Here's my test spec:

describe('cinephile.Routers.CinephileRouter', function () {

    beforeEach(function () {

        this.router = new cinephile.Routers.CinephileRouter();
        this.routeSpy = sinon.spy();

        try
        {
            Backbone.history.start({ silent : true });
        }
        catch(e) {}

        this.router.navigate('elsewhere');

        this.favouritesViewStub = sinon.stub(cinephile.Views, 'FavouriteMoviesView')
            .returns(new Backbone.View());
    });

    afterEach(function () {
        this.favouritesViewStub.restore();
    });

    describe('Favourites Route', function() {

        it('should load the favourites on /favourites', function () {

            this.router.bind('route:favourites', this.routeSpy);
            this.router.navigate('favourites', true);

            expect(this.routeSpy.calledOnce).toBeTruthy();
            expect(this.routeSpy.calledWith()).toBeTruthy();
        });

        it('creates a favourites view if one doesn\'t exist', function () {
            this.router.favourites();
            expect(this.favouritesViewStub.calledOnce).toBeTruthy();
        });

        it('Reuses the favourites view if one does exist and reset it\'s collection', function () {
            this.router.favourites();
            this.router.favourites();

            expect(this.favouritesViewStub.calledOnce).toBeTruthy();
            expect(this.favouritesViewStub.renderFavourites).toHaveBeenCalledTwice();
        }); 
    });
});

My first two tests pass and I believe them to correctly describe the favourites method in my router. The third test is the the one giving me problems. As I understand it, because I am testing my router and NOT the FavouriteMoviesView I should be stubbing out the view to keep the test isolated. If that is the correct assumption, my issue becomes that the stub won't have a renderFavourites method as it is a stubbed out Backbone.View().

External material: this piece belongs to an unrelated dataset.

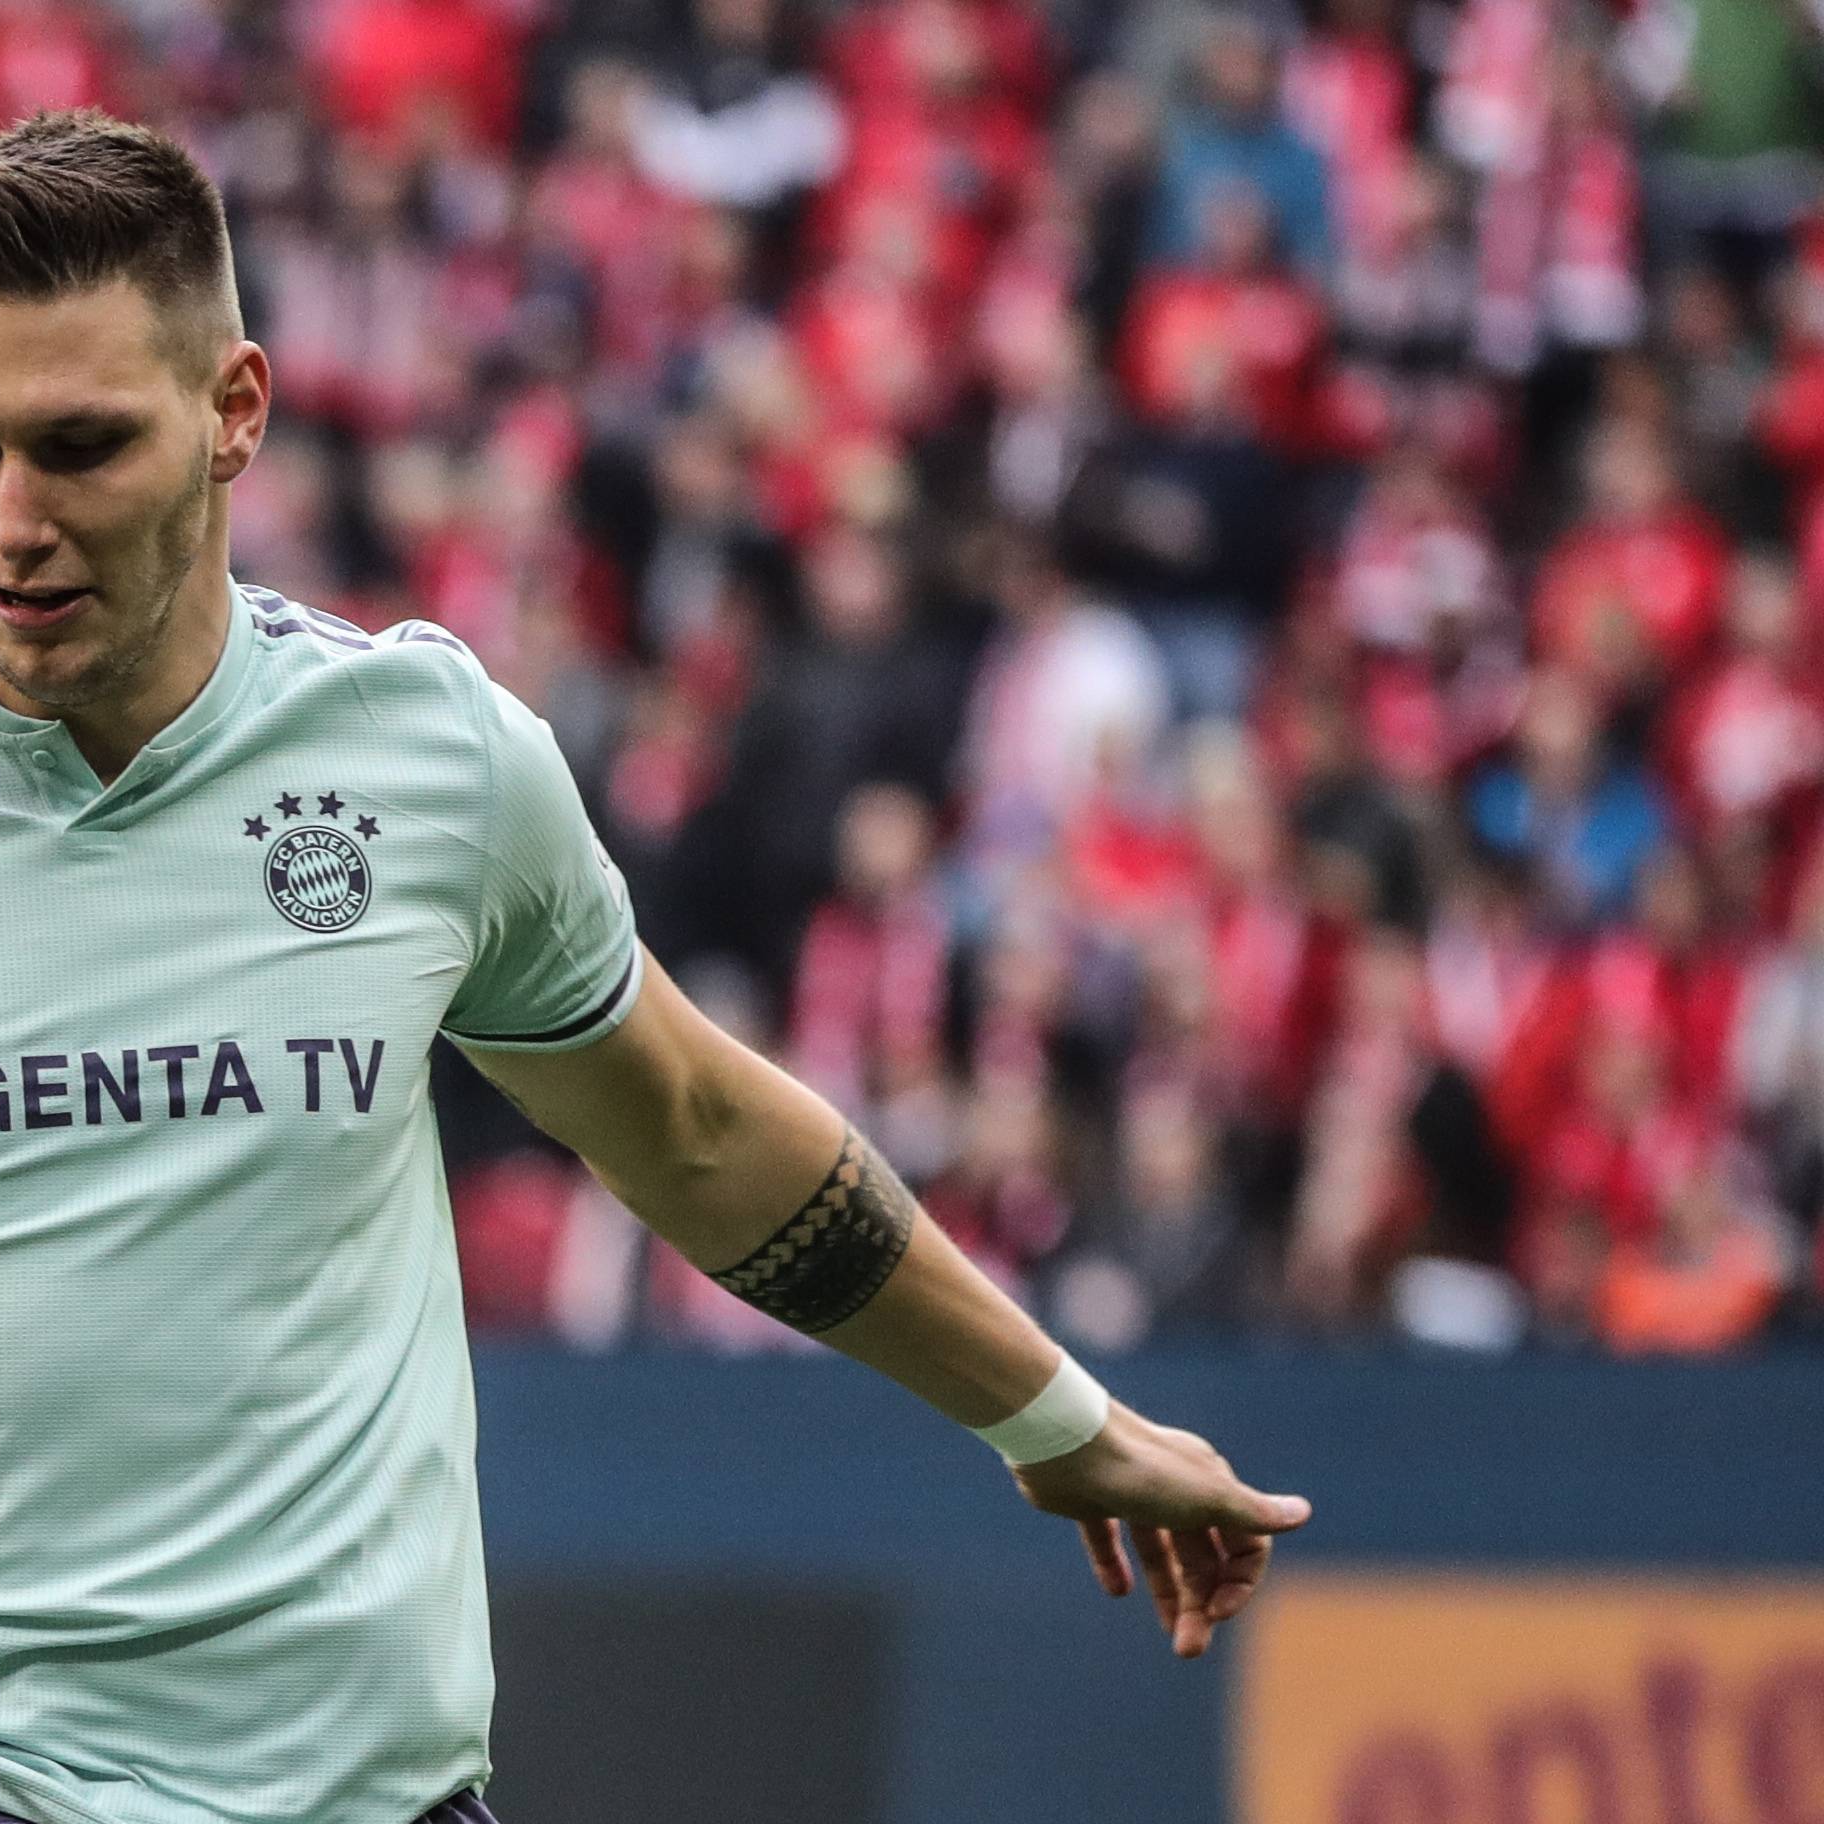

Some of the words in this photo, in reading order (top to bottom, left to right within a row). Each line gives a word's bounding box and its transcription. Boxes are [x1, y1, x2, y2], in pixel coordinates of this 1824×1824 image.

[272, 846, 293, 872] FC
[290, 831, 362, 873] BAYERN
[286, 1038, 386, 1115] TV
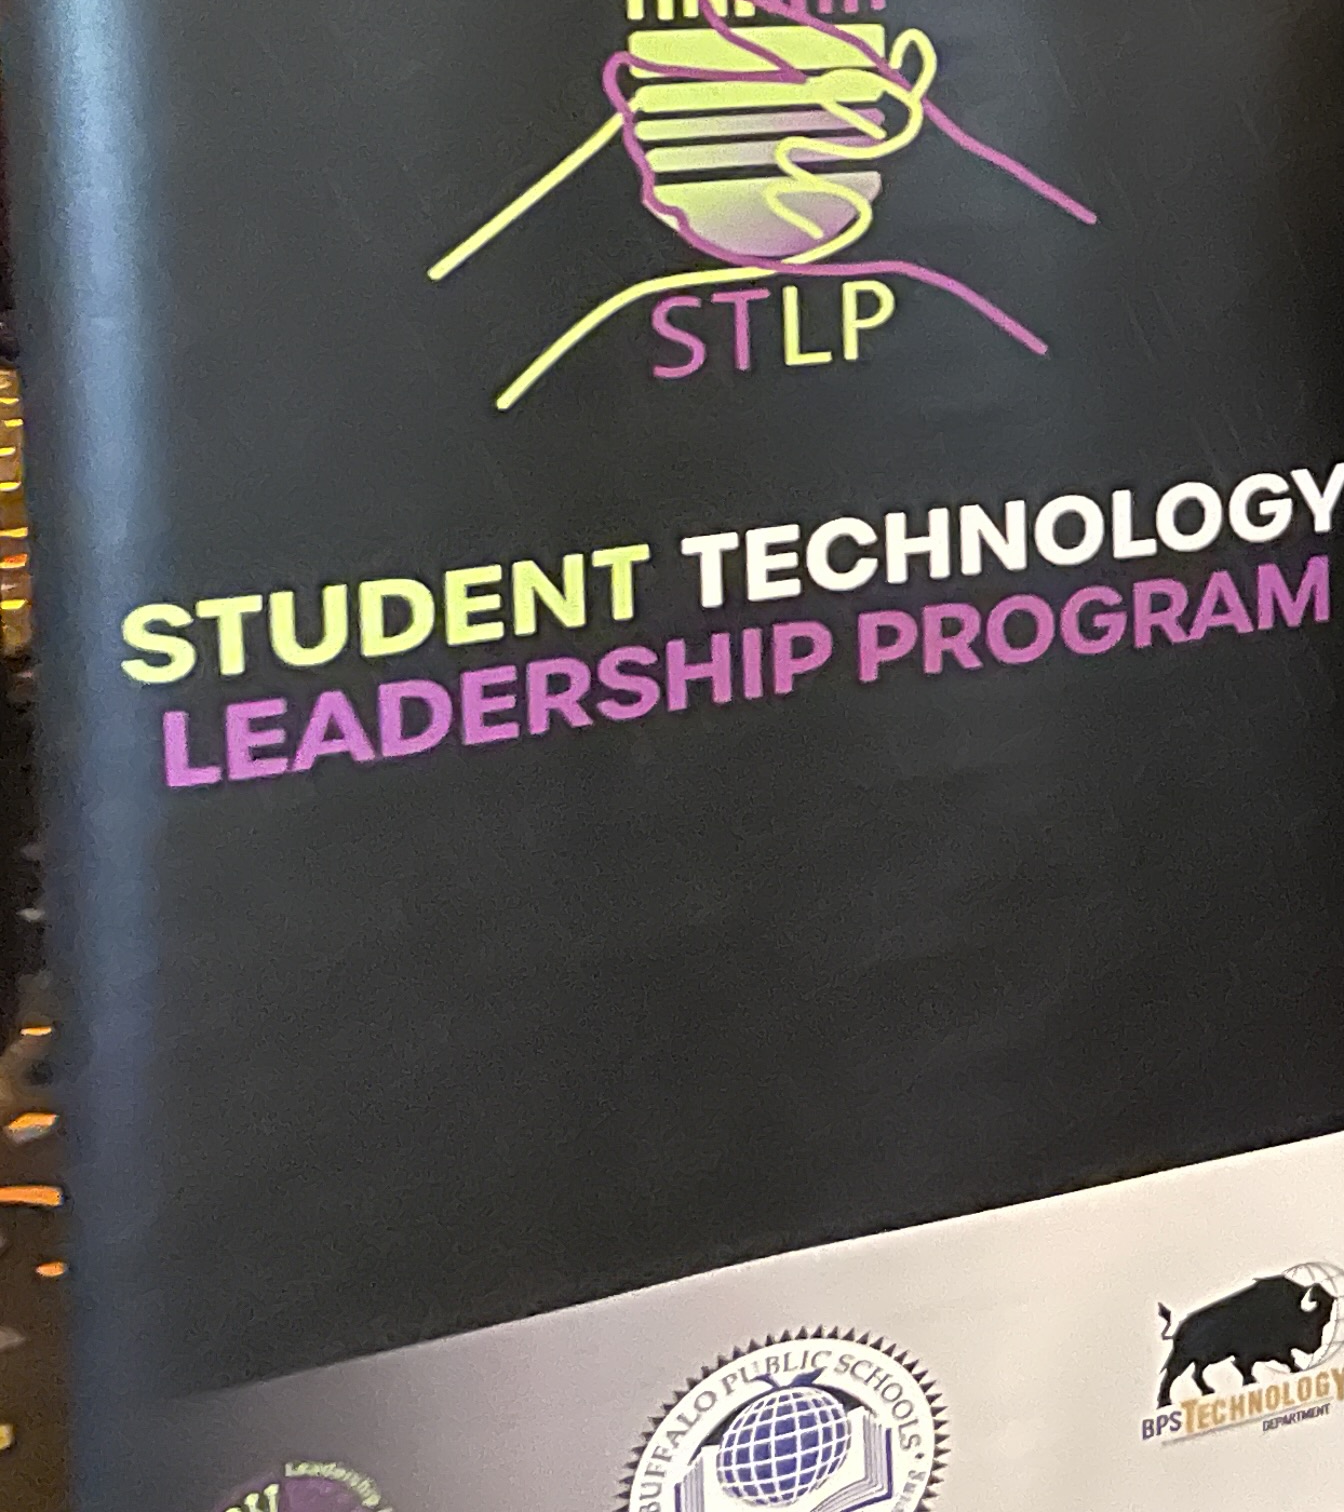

How can I fix this particular problem and if you are so inclined, I believe I'm missing something conceptual so feel free to explain what it is that I'm not understanding.

Cheers.

Was it helpful?

Solution

You problem is that you want to mock something inside a mock function. What I would suggest is that instead of this...

this.favouritesViewStub = sinon.stub(cinephile.Views, 'FavouriteMoviesView').returns(new Backbone.View());

...have this:

var StubView = Backbone.View.extend({
  renderFavourites: sinon.stub()
});
this.favouritesViewStub = sinon.stub(cinephile.Views, 'FavouriteMoviesView').returns(new StubView());

Now your View "constructor" will return a StubView, which has the method you are calling stubbed out. So this Backbone View with the stubbed out method will be placed in the router.favMoviesView -property. The favouritesViewStub property still contains just the "constructor" -function, so you can't access this stubbed method from there. This is why you haveto change this from the last test:

expect(this.favouritesViewStub.renderFavourites).toHaveBeenCalledTwice();

to something like this:

expect(this.router.favMoviesView.renderFavourites).toHaveBeenCalledTwice();

This way you will actually check if the router's copy of the view has had the method called twice.

Hope this works for you, comment if it doesn't! I didn't test this out, so there could be some problems, but I'm sure the logic behind works.